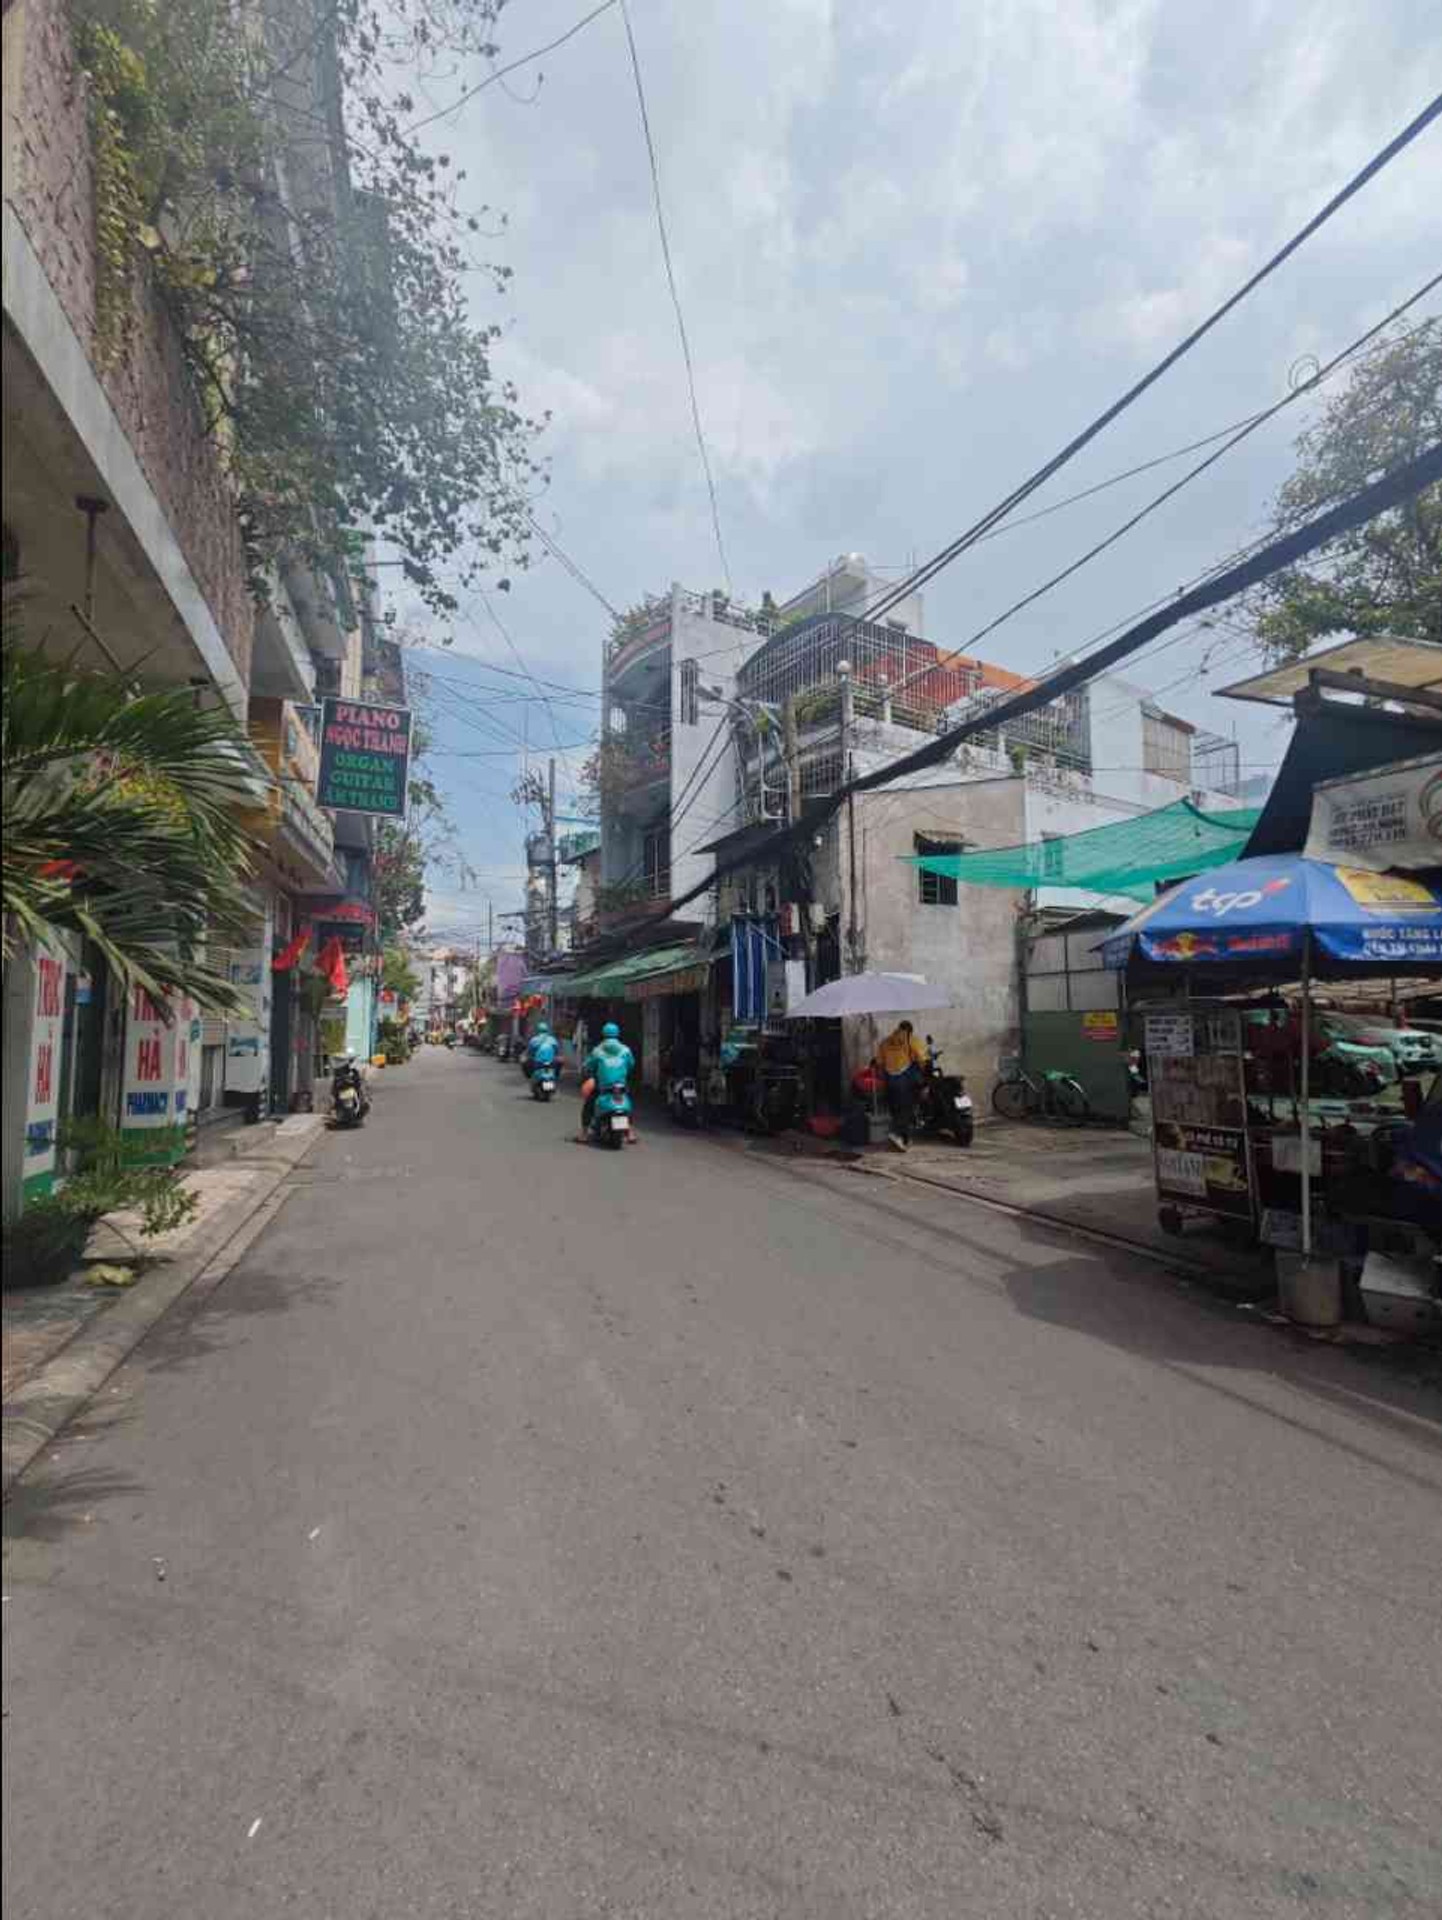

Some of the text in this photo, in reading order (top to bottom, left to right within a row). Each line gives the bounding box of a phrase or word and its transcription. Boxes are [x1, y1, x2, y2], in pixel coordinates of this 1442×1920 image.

[336, 703, 400, 730] PIANO
[335, 752, 395, 772] ORGAN
[330, 768, 396, 792] GUITAR
[1190, 887, 1263, 918] tcp
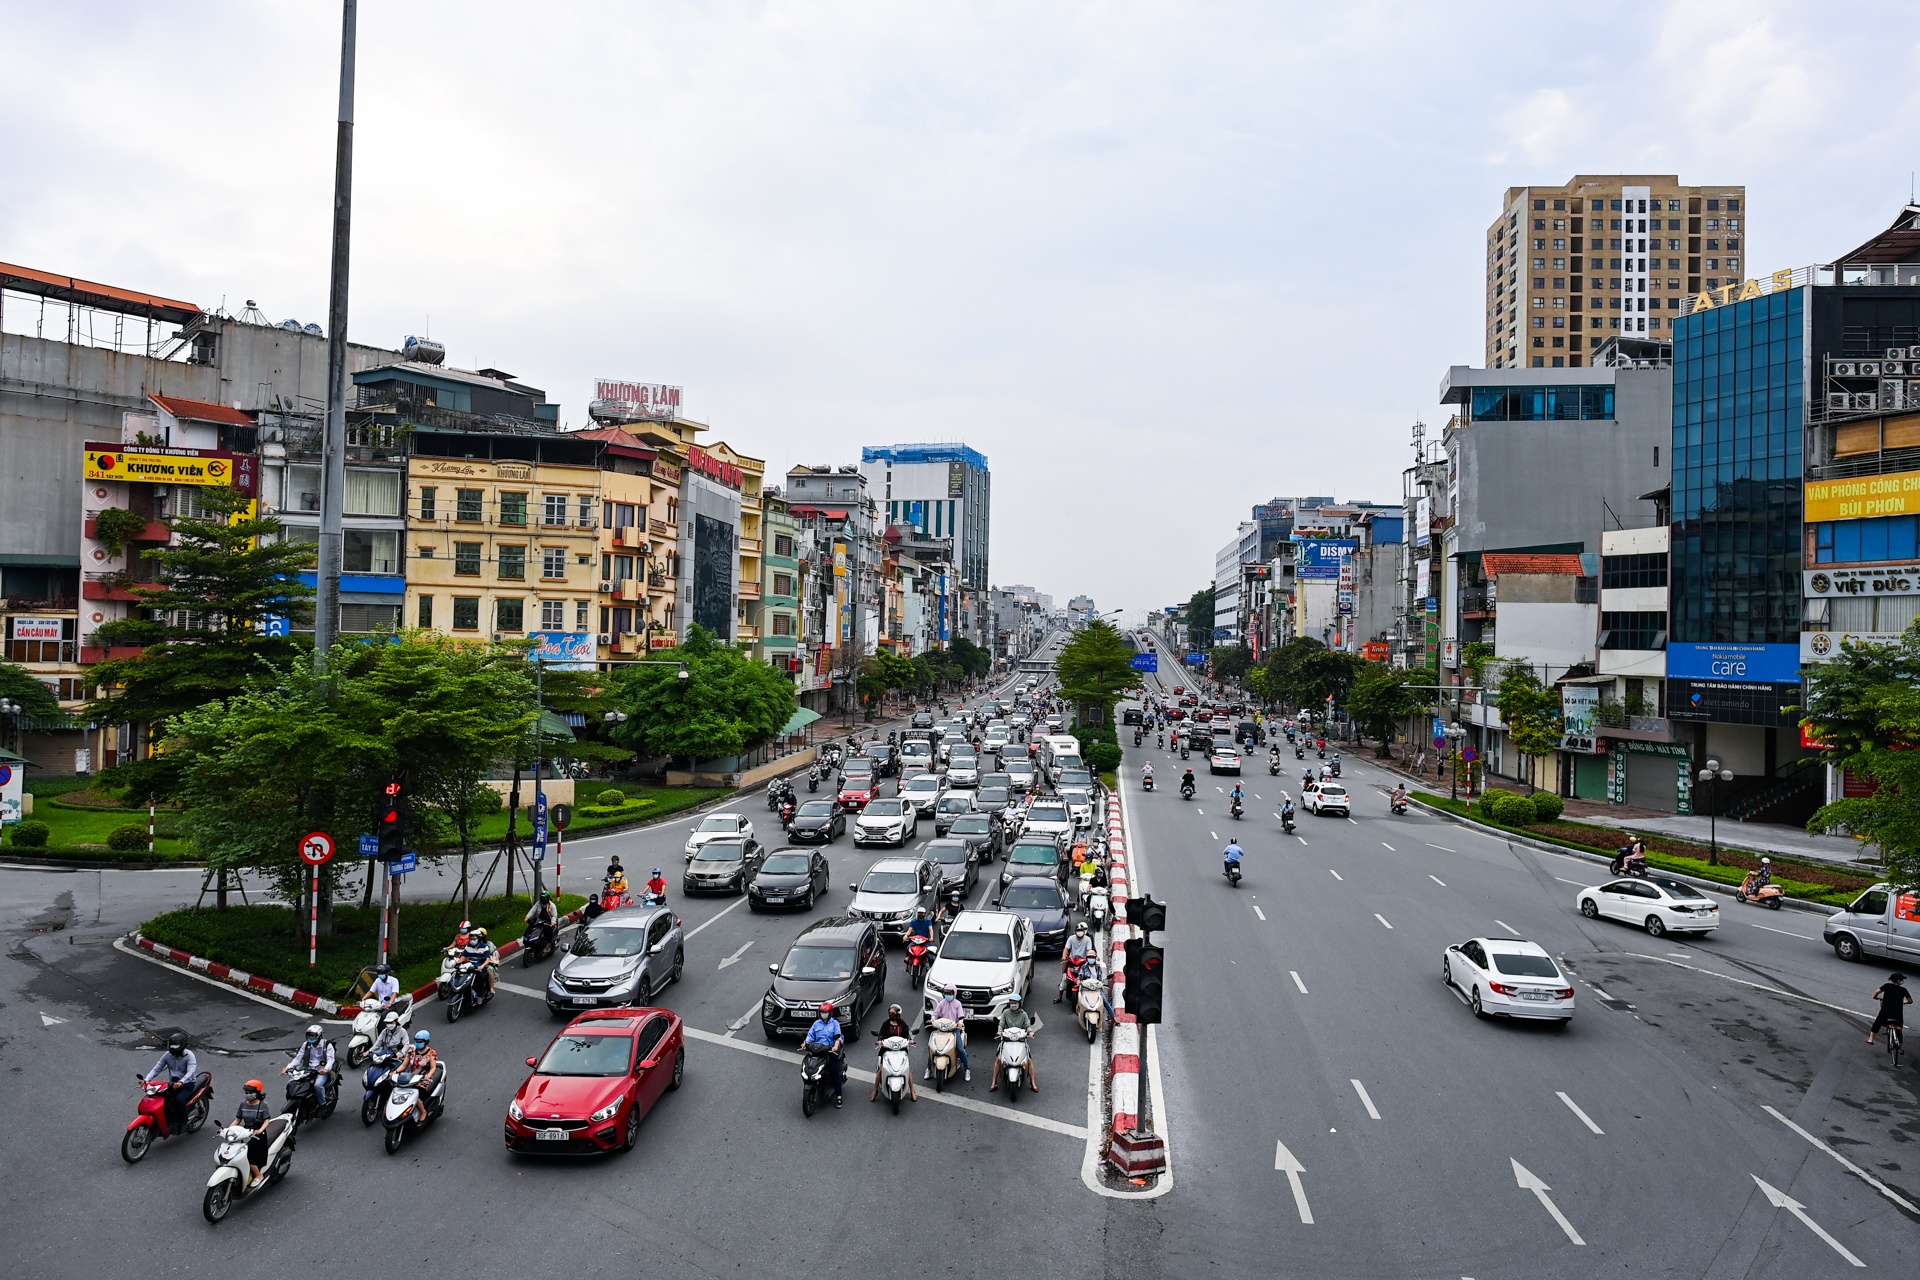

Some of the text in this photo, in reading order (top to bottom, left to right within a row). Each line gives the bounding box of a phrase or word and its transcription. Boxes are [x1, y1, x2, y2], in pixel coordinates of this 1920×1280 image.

######

• ACTION ITEM
Return all of the records above exactly as written. Omit each picture.

• WRITTEN SOLUTION
Some of the text in this photo, in reading order (top to bottom, left to right within a row). Each line gives the bounding box of a phrase or word and its transcription. Boxes are [x1, y1, x2, y2], in pixel coordinates of this 1442×1920 image.

[336, 703, 400, 730] PIANO
[335, 752, 395, 772] ORGAN
[330, 768, 396, 792] GUITAR
[1190, 887, 1263, 918] tcp

Some of the text in this photo, in reading order (top to bottom, left to right within a row). Each line gives the bounding box of a phrase or word and its transcription. Boxes are [x1, y1, x2, y2], in pixel coordinates of this 1920×1280 image.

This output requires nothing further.